Material supplied START

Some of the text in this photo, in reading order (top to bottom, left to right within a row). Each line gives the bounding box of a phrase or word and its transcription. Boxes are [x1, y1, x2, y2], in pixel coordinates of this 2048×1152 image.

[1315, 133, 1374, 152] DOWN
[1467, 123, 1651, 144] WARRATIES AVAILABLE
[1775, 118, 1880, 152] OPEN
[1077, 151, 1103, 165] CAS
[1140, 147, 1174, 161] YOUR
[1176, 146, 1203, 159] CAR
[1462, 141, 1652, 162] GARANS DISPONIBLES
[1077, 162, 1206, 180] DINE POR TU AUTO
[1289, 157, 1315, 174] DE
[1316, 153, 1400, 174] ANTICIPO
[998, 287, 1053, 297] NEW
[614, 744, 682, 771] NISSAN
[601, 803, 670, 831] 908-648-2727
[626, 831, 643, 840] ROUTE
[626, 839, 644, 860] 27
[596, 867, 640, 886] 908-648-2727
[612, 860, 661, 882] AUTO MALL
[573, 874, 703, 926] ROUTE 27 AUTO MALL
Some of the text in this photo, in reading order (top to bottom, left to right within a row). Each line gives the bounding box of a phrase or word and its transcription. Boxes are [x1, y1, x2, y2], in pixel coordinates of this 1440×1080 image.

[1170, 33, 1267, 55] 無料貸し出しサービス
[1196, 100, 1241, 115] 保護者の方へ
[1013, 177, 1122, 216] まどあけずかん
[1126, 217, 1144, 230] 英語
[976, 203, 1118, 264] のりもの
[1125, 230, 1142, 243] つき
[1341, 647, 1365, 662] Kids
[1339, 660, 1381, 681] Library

Material supplied END

Return each line above exactly.

§ Written solution
Some of the text in this photo, in reading order (top to bottom, left to right within a row). Each line gives the bounding box of a phrase or word and its transcription. Boxes are [x1, y1, x2, y2], in pixel coordinates of this 2048×1152 image.

[1315, 133, 1374, 152] DOWN
[1467, 123, 1651, 144] WARRATIES AVAILABLE
[1775, 118, 1880, 152] OPEN
[1077, 151, 1103, 165] CAS
[1140, 147, 1174, 161] YOUR
[1176, 146, 1203, 159] CAR
[1462, 141, 1652, 162] GARANS DISPONIBLES
[1077, 162, 1206, 180] DINE POR TU AUTO
[1289, 157, 1315, 174] DE
[1316, 153, 1400, 174] ANTICIPO
[998, 287, 1053, 297] NEW
[614, 744, 682, 771] NISSAN
[601, 803, 670, 831] 908-648-2727
[626, 831, 643, 840] ROUTE
[626, 839, 644, 860] 27
[596, 867, 640, 886] 908-648-2727
[612, 860, 661, 882] AUTO MALL
[573, 874, 703, 926] ROUTE 27 AUTO MALL
Some of the text in this photo, in reading order (top to bottom, left to right within a row). Each line gives the bounding box of a phrase or word and its transcription. Boxes are [x1, y1, x2, y2], in pixel coordinates of this 1440×1080 image.

[1170, 33, 1267, 55] 無料貸し出しサービス
[1196, 100, 1241, 115] 保護者の方へ
[1013, 177, 1122, 216] まどあけずかん
[1126, 217, 1144, 230] 英語
[976, 203, 1118, 264] のりもの
[1125, 230, 1142, 243] つき
[1341, 647, 1365, 662] Kids
[1339, 660, 1381, 681] Library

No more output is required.